Dan, Dan The Irish Border Man

As more and more informed voices view the less than totally appealing prospect that is the exit of the UK from the EU, and the thought occurs to them that there might be a more appealing prospect in doing otherwise, so those implacably opposed to the Union have had to step up to the plate to reassure everyone that it’s all going to be OK. This has resulted in yet another foot-in-mouth excursion from Dan, Dan The Oratory Man.
What am I bid for this Anglo-Irish whopper? Any takers?

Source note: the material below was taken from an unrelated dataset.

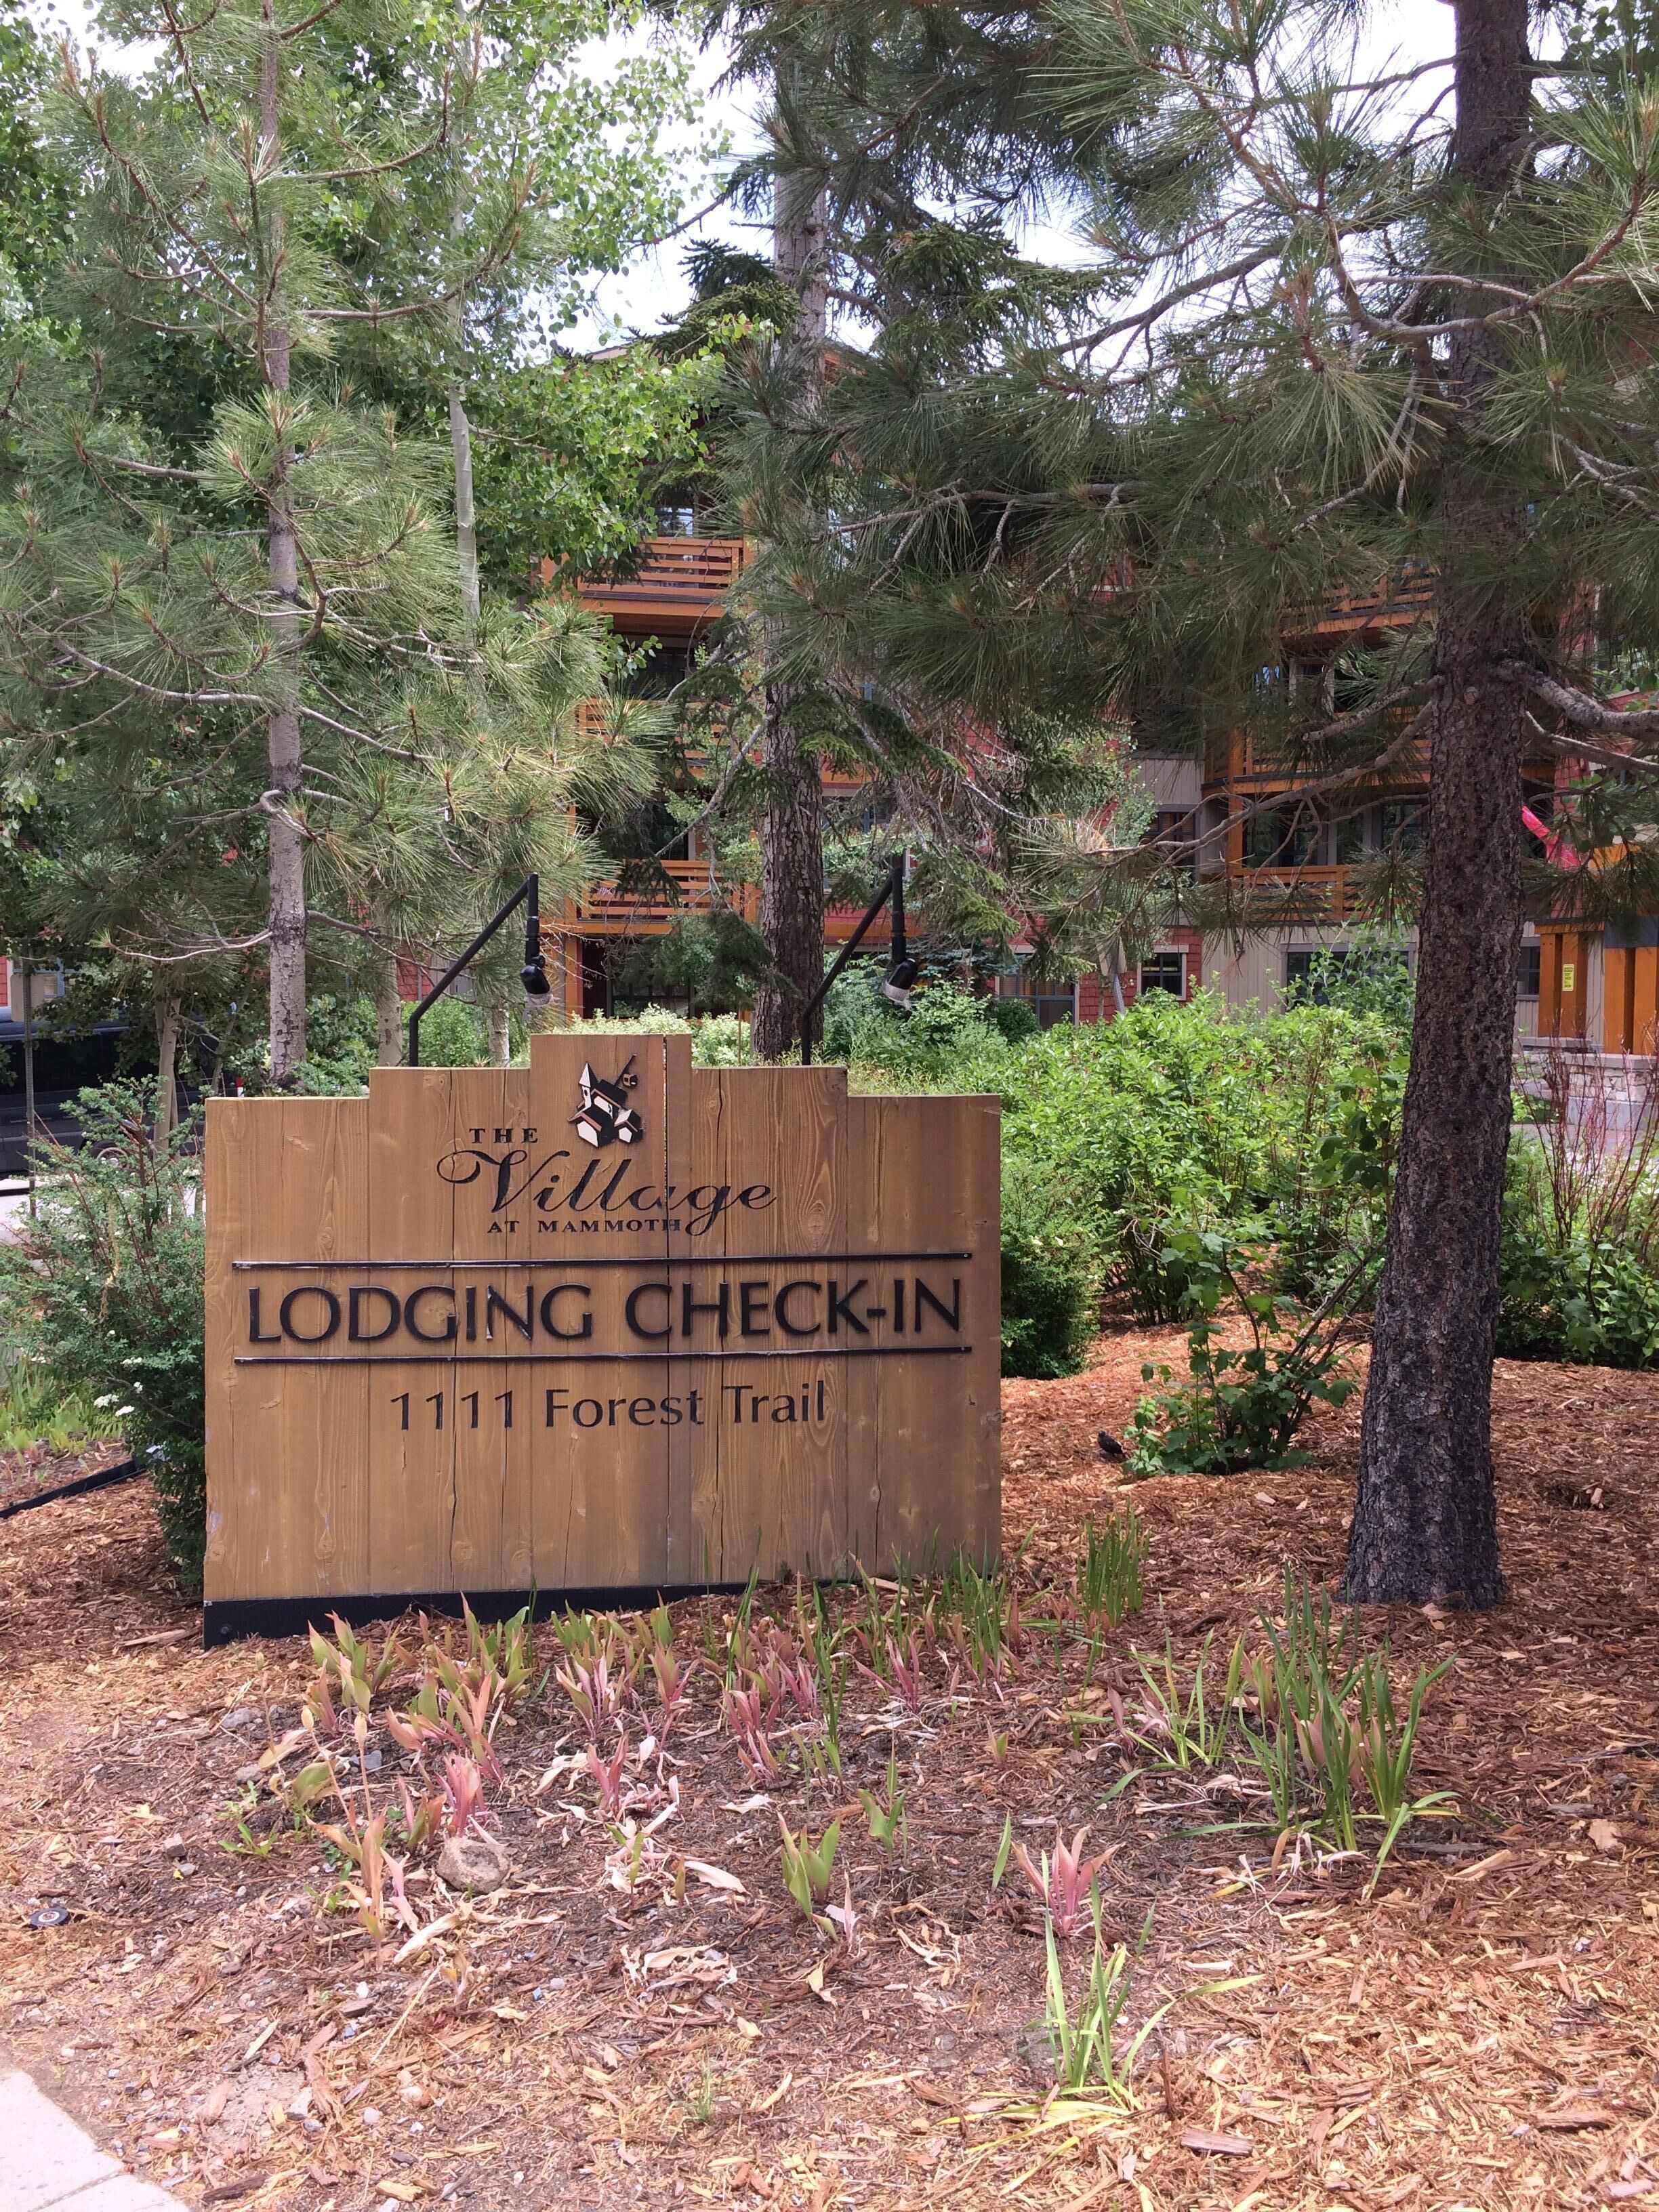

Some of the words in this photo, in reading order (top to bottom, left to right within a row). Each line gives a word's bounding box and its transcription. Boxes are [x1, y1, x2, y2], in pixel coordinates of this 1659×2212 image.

Hannan has surveyed the potentially serious sticking point that is the border between Northern Ireland and the Irish Republic: snaking for more than 300 miles across mainly open countryside, nowadays crossed and re-crossed by many roads and tracks with no visible border post or other marking, save for the reminder to drivers on main roads that speed limits change from miles to kilometres per hour, or vice versa.
And, as so often, Dan has not allowed the reality of recent history to hinder his utterances, taking to Twitter to proclaim “It would surely be logistically easier to treat the British Isles as what it has always been - a single customs area. Checks only at ports”. And, as Jon Stewart might have said, two things here. One is the dumping on the Republic.
Challenged by Jonn Elledge, Hannan airily declared “Unlikely that the UK will put up customs posts on the land border. Ireland will be free to choose between checks there or at its ports”. Yes, let’s dump the problem outside the UK! I mean, don’t these damned foreigners know their place in the world? And there was more.
Elledge pointed out that the Republic is not exiting the EU, and so is remaining in the Customs Union. Dan took out his crystal ball and duly pontificated “UK will have lower tariffs, and will need no checks on imports from the EU. What happens the other way round is between Brussels and Dublin”. Yes, dump the problem on the Republic.
And the second flaw in the Hannan plan is that the British Isles has not always been a single customs area, as anyone with the most basic knowledge of recent Irish history will know. Shane O’Mara had family who worked for Customs patrolling the border, which had checks enforced along its length from the early 1920s to the early 1990s.
Sasha Clarkson confirmed “Customs points existed between NI & the Republic between 1923 and 1993. #Hannan is offensive to Ireland, *and* too lazy to check his facts!” Dan’s solution to a problem which would be entirely of Britain’s making is simplistic, wrong, dishonest, and ignores the two countries’ often uncomfortable recent past.
One might not have realised this from his sniffy response to Shane O’Mara: “So much pro-EU sentiment on Twitter is wrapped up in open contempt for our country”. And so he had opened mouth and inserted foot in no style at all once more: O’Mara is Irish. So it is plain flat wrong to talk about “our country” in a discussion with him.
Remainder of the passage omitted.